David Sirakov, Direktor der Atlantischen Akademie Rheinland-Pfalz, erklärt gegenüber unserer Redaktion, im Kern gehe es bei dem Deal mit der EU um eine Machtdemonstration Donald Trumps: "Das kann man auch den Einlassungen des Präsidenten sowie seines Umfelds entnehmen, die von einem 'historischen Sieg' sprechen oder behaupten, damit sei Europa 'in die Knie gezwungen' worden." Sirakov zufolge überwiegt eindeutig die Symbolhaftigkeit dieses Deals.

Nachricht an die eigenen Wähler

Ganz so planlos, wie es ihm oft vorgeworfen wird, scheint der US-Präsident dabei aber nicht vorzugehen. Vielmehr verfolgt er dabei eine Ideologie: Trump glaubt nicht an den Multilateralismus und will eine Rückkehr zu einer Politik, in der die Macht des Stärkeren gilt. Das entspricht seiner eigenen Weltanschauung, die in Gewinnern und Verlierern denkt und in der es immer darum geht, den eigenen Gewinn durch Deals zu maximieren.

Politikwissenschaftler Julian Müller-Kaler, Leiter des Programms für Strategische Vorausschau beim Stimson Center, einem unabhängigen Thinktank in der US-Hauptstadt Washington, sieht hinter Trumps Vorgehen folgendes System: "Donald Trump wurde mit einem Mandat ausgestattet, nicht nur Amerika, sondern auch das internationale System nachhaltig zu verändern", sagte er unserer Redaktion.

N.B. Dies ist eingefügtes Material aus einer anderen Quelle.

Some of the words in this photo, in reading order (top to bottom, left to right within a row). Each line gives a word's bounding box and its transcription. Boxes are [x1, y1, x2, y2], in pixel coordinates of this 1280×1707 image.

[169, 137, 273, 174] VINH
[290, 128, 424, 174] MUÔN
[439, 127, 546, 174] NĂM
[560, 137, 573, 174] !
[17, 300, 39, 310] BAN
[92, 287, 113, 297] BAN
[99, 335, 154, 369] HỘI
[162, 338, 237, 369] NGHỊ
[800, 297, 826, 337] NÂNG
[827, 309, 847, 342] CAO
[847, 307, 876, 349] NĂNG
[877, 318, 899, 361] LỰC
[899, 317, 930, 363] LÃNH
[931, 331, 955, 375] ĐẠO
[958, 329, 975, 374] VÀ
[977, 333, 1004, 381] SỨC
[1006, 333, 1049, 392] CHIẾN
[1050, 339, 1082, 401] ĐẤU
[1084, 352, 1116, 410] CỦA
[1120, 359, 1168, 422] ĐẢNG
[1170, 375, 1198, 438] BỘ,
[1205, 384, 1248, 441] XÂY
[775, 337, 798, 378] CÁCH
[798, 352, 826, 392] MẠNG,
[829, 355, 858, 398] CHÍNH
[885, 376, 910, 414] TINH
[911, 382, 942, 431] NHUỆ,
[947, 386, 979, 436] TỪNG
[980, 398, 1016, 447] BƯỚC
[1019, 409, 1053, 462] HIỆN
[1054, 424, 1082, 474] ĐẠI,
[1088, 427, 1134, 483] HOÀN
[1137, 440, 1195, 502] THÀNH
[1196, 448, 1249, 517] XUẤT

Diese Einstellung entspricht auch der von Trumps Anhängern. Die Wählerschaft des amtierenden US-Präsidenten hatte von dem aktuellen System nicht profitiert, daher soll es nun von einem anderen System abgelöst werden, so Müller-Kaler: "Trump kann nun gegenüber seiner Basis klarmachen, dass er bessere Deals ausgehandelt hat, als es der Vorgängerregierung möglich war." Es geht also im Abkommen weniger um den Inhalt, als vielmehr die Signalwirkung und den Schaden für das bestehende System.

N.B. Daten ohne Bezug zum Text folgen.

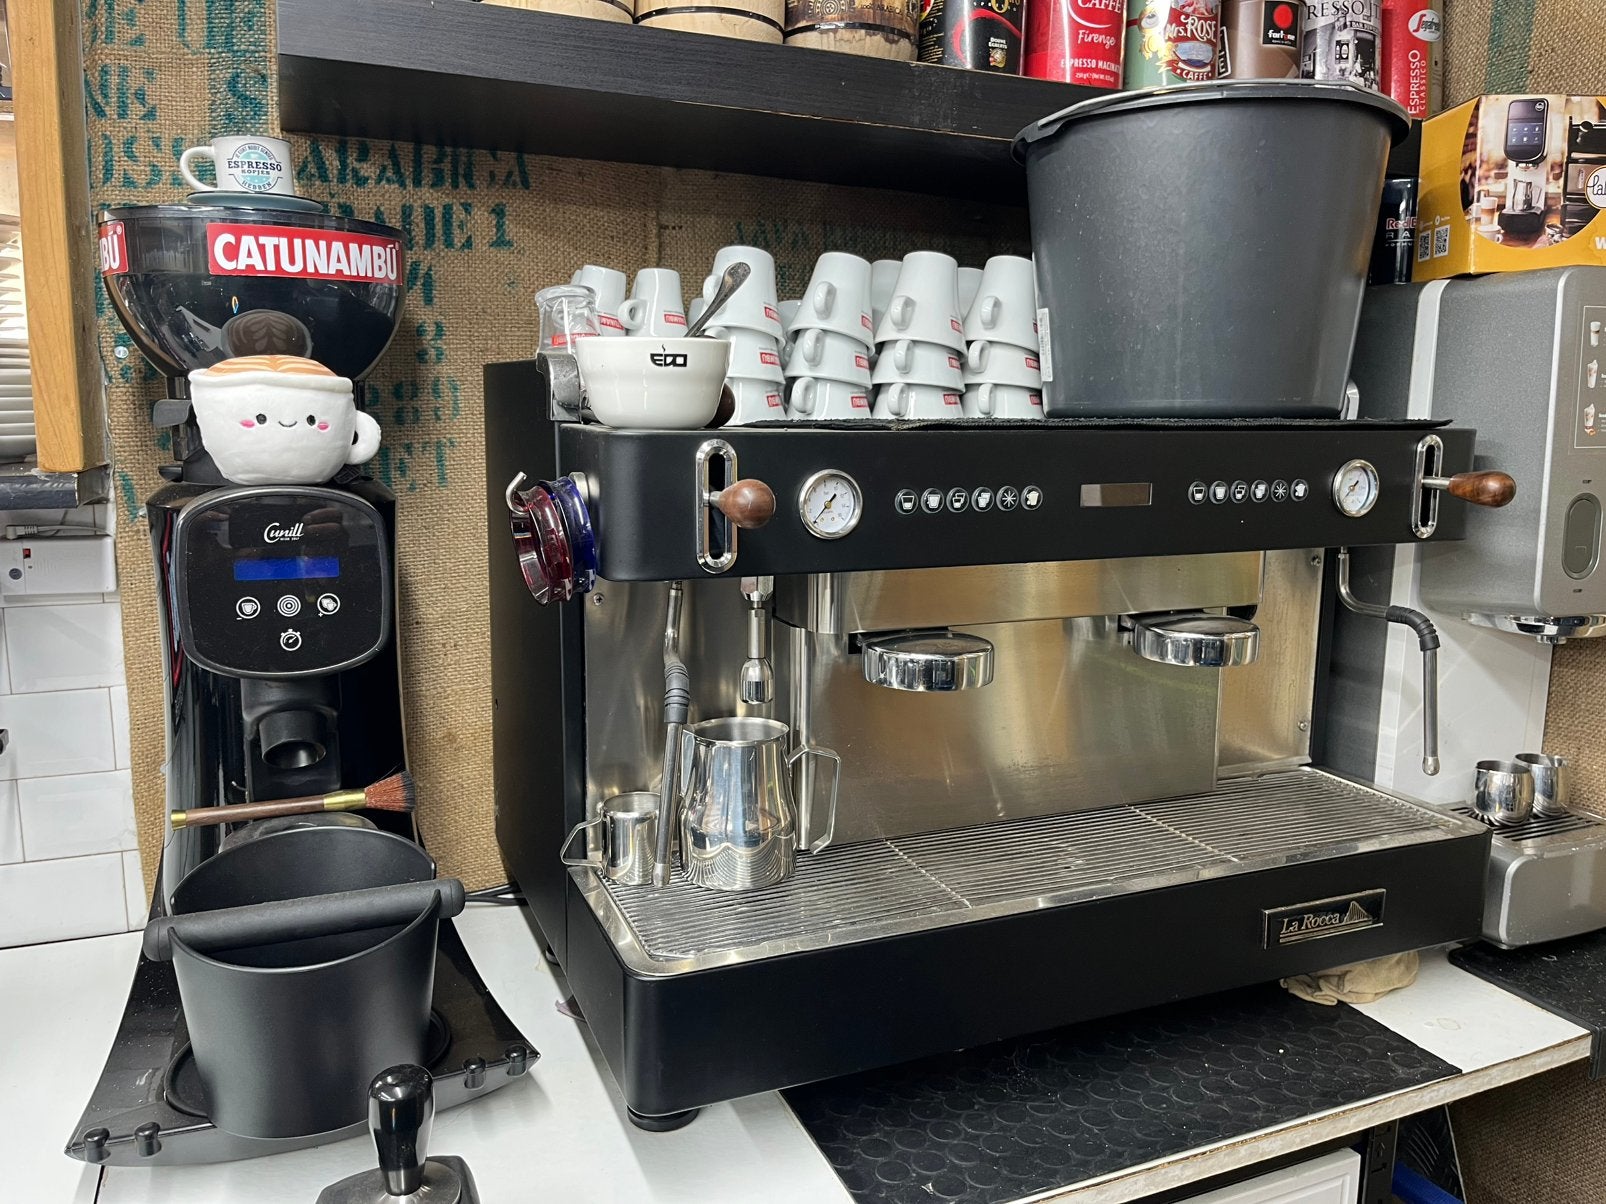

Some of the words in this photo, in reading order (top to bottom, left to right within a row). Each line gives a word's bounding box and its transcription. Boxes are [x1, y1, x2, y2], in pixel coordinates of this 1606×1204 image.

Bisher profitieren die USA

Gleichzeitig ist in den USA die Wirtschaft aktuell überraschend stark und eher auf Wachstumskurs. "Man muss auch sehen, dass die Zollpolitik für den Staatshaushalt der USA zumindest bisher ganz gut funktioniert", erklärt Politikwissenschaftler Julian Müller-Kaler aus Washington. Langfristig sei allerdings die Frage, wer die Kosten trägt. "Ich gehe davon aus, dass Donald Trump massiven Druck auf Unternehmen auswirken wird, damit diese die Kosten für die Zölle nicht an die Konsumenten weiterreichen."

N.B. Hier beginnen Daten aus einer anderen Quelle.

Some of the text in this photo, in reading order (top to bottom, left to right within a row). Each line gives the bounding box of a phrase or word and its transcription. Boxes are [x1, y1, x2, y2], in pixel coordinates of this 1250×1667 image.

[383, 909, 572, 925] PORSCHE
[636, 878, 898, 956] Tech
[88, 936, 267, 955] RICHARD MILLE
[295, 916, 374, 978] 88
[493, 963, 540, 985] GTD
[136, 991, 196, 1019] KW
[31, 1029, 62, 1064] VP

Empfehlungen der Redaktion

Fraglich ist außerdem, ob Trump darauf beharren wird, dass der Deal auch umgesetzt wird, oder, was viele in der EU offenbar hoffen, die Bestimmungen vergisst. Das sei in der Vergangenheit oft der Fall gewesen, so David Sirakov. So könne es sein, dass der US-Präsident "nach diesem PR-Erfolg die Umsetzung nicht ernsthaft weiterverfolgt" und es letztlich auch gar nicht so wichtig ist, was in Schottland zwischen ihm und Kommissionspräsidentin von der Leyen vereinbart wurde.

Über die Gesprächspartner

  • Julian Müller-Kaler leitet das Programm für Strategische Vorausschau beim Stimson Center, einem unabhängigen Thinktank in der US-Hauptstadt Washington. Er ist darüber hinaus Associate Fellow bei der Deutschen Gesellschaft für Auswärtige Politik in Berlin.
  • David Sirakov ist Politikwissenschaftler und seit 2015 Direktor der Atlantischen Akademie Rheinland-Pfalz. Seine Forschungsschwerpunkte sind die US-Innenpolitik mit besonderem Schwerpunkt auf die politische und gesellschaftliche Polarisierung sowie der Aufstieg des Populismus in Europa und den USA.